Millions of Americans lining up for bargain deals on the latest electronics is a sign of the deterioration of the US.

People camping outside of Best Buy on Thanksgiving for the 5am opening on "Black Friday" in Richfield, Minnesota. (Photo: David Haines / Flickr)

After filling up on turkey and stuffing, millions of Americans flocked to some of the nation’s biggest retailers this year for Black Friday savings.

They stood in line for hours for a chance to grab deals like $199 for a 50-inch HDTV, or $29 for a seven-inch Android tablet.

But the millions lining up for bargain deals on the latest electronics isn’t a good thing. It’s a sign of the deterioration of the United States.

See more news and opinion from Thom Hartmann at Truthout here.

Every time a line wraps around a building on Black Friday, it’s a sign of the bad things happening in the US.

Every time hysterical people start yelling at each other over a flat-screen TV deal on Black Friday, it’s a bad sign for the US.

And, every time a stampede breaks out when store doors open on Black Friday, it’s a bad sign for the US.

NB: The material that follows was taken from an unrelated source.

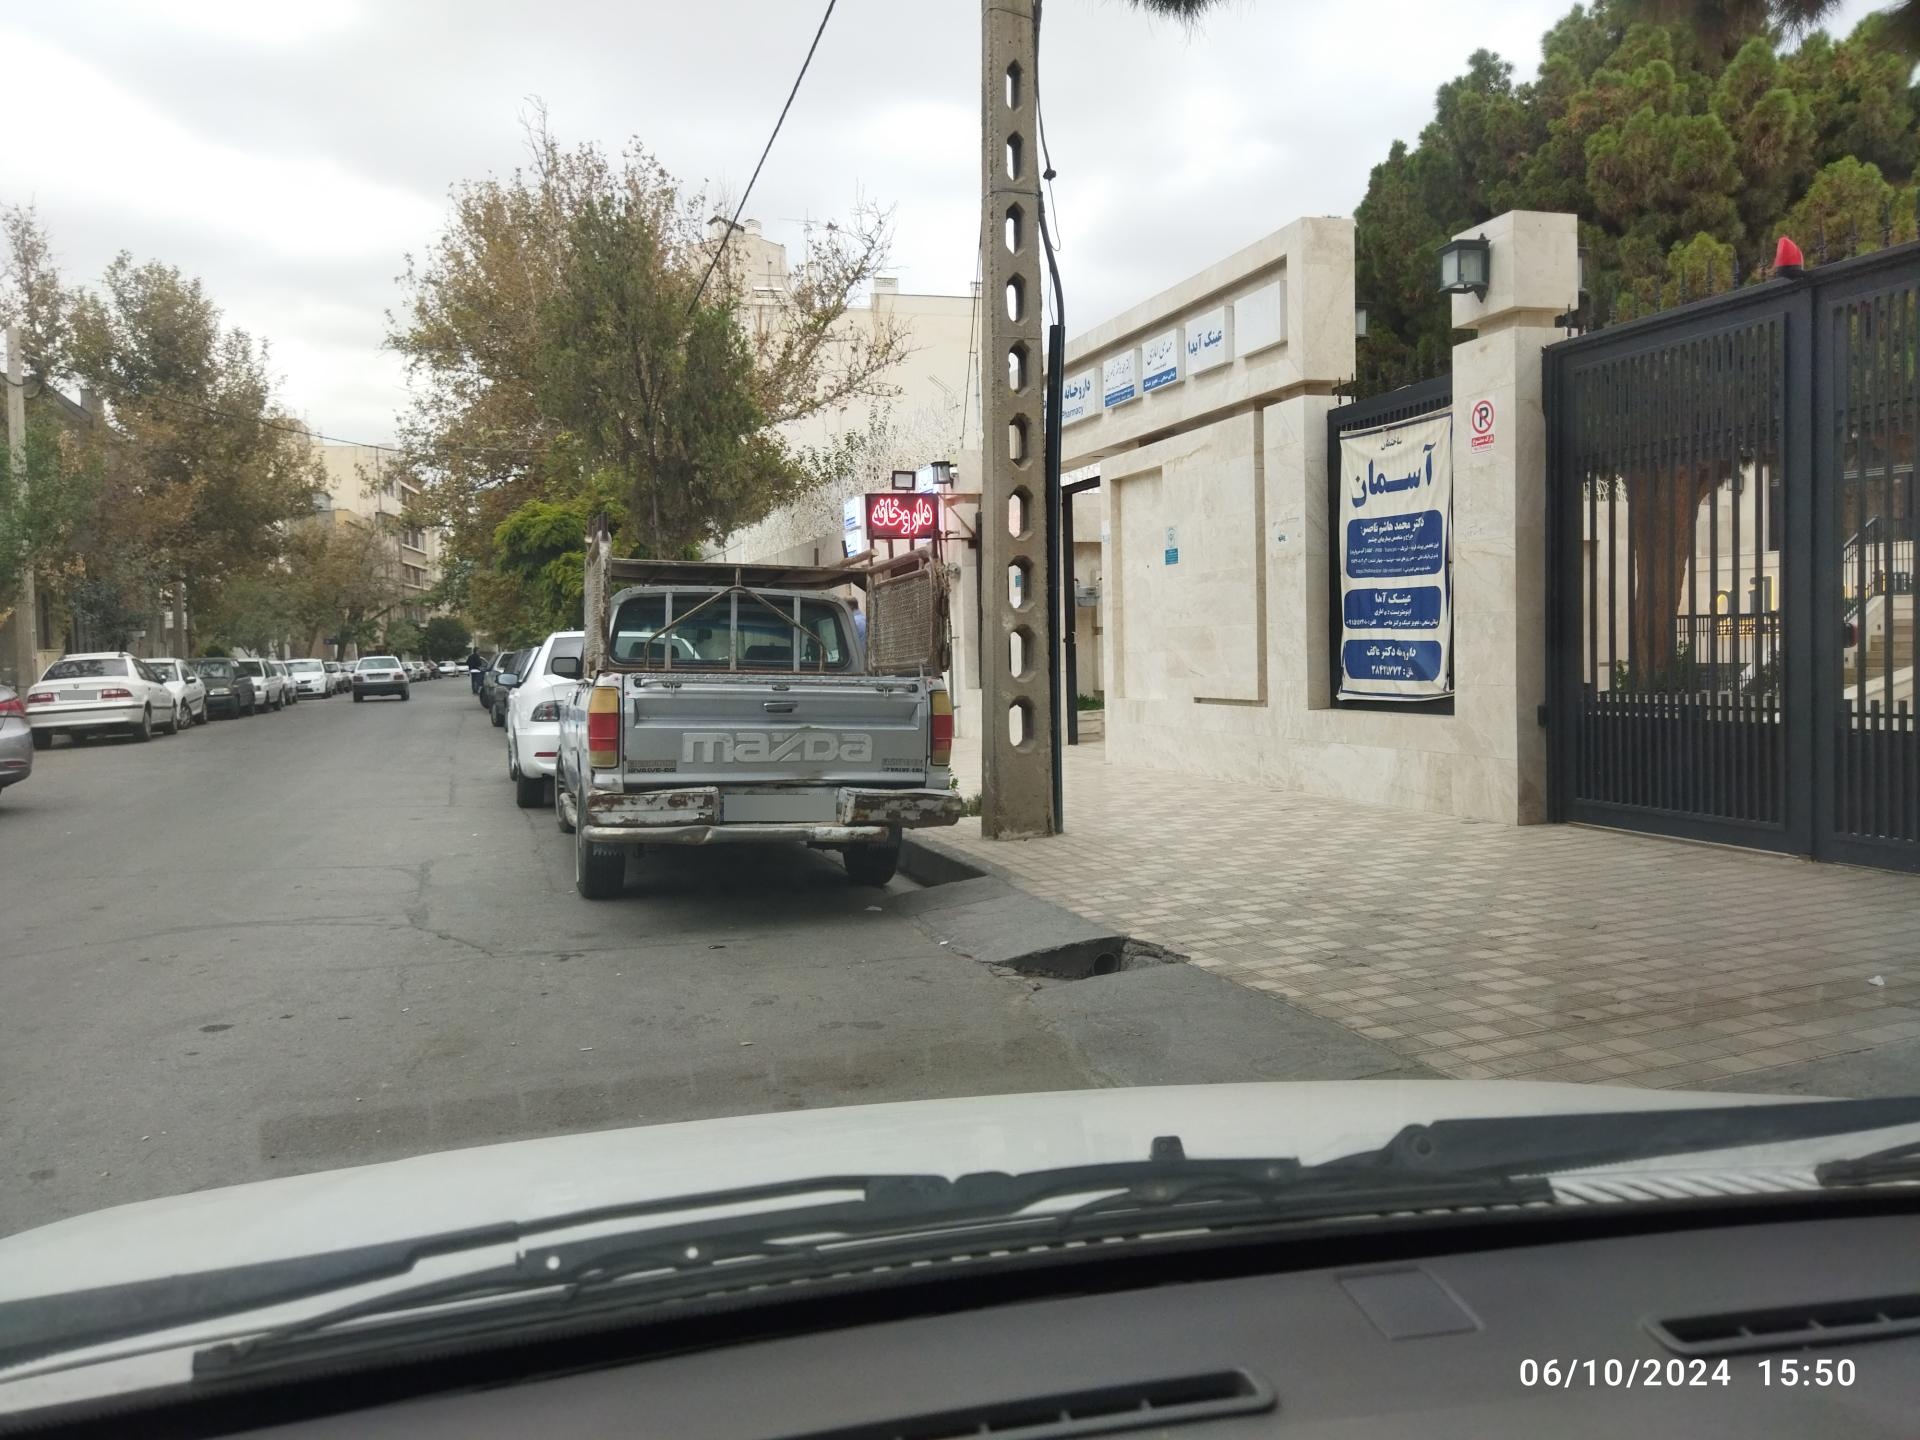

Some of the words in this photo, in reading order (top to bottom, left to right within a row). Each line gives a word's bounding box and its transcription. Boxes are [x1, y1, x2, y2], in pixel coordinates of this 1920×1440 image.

[1064, 377, 1091, 400] داروخانه
[1351, 441, 1437, 509] آسمان
[872, 498, 933, 535] داروخانه

As Alan Pyke points out over at the ThinkProgress blog,

“For millions of low-income and middle-class families, the day’s deals are a necessity not a luxury. Wages have stagnated for working families since the turn of the century, producing a ‘lost decade’ for working people’s quality of life. The slow recovery from the Great Recession has been driven mostly by low-wage job growth rather than by a resurgence in the kinds of jobs that provide enough headroom for a family to treat Black Friday as optional.”

So, just how bad has it gotten for working-class Americans?

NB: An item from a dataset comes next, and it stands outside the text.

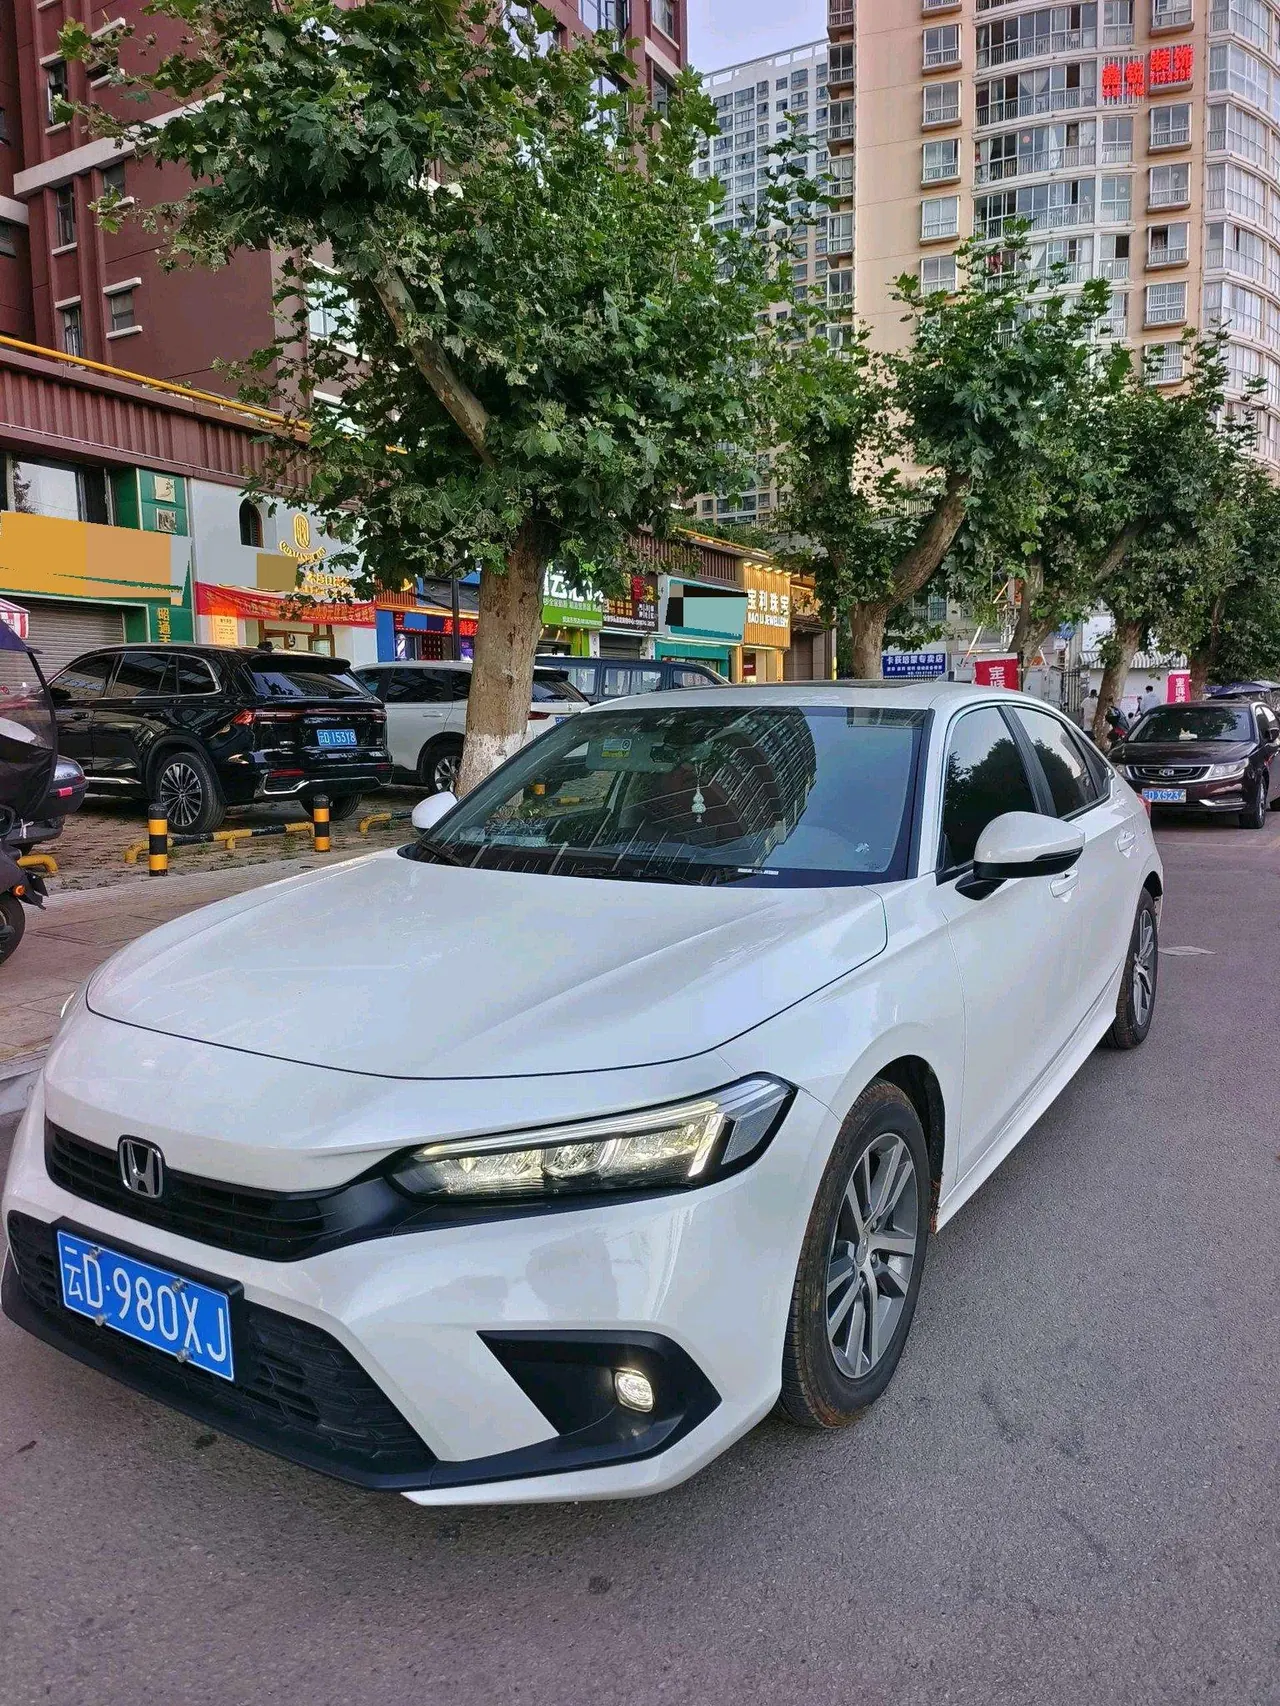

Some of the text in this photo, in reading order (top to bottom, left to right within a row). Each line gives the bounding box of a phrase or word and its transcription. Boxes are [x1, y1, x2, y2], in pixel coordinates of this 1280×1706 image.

Well, it’s gotten so bad that the American Dream is now pretty much officially dead.

That’s according to Gregory Clark, a researcher at the University of California-Davis, who found that social mobility, one of the bedrocks of the American Dream, is at historic lows.

Clark told KOVR-TV that, “America has no higher rate of social mobility than medieval England or pre-industrial Sweden. That’s the most difficult part of talking about social mobility, is because it is shattering people’s dreams.”

The speed with which Reaganomics and Clinton’s free trade policies have pushed the decline of the US middle class is truly startling.

For example, a study by the Russell Sage Foundation found that the inflation-adjusted net worth for the typical household was $87,992 in 2003. Just 10 years later, it was only $56,335.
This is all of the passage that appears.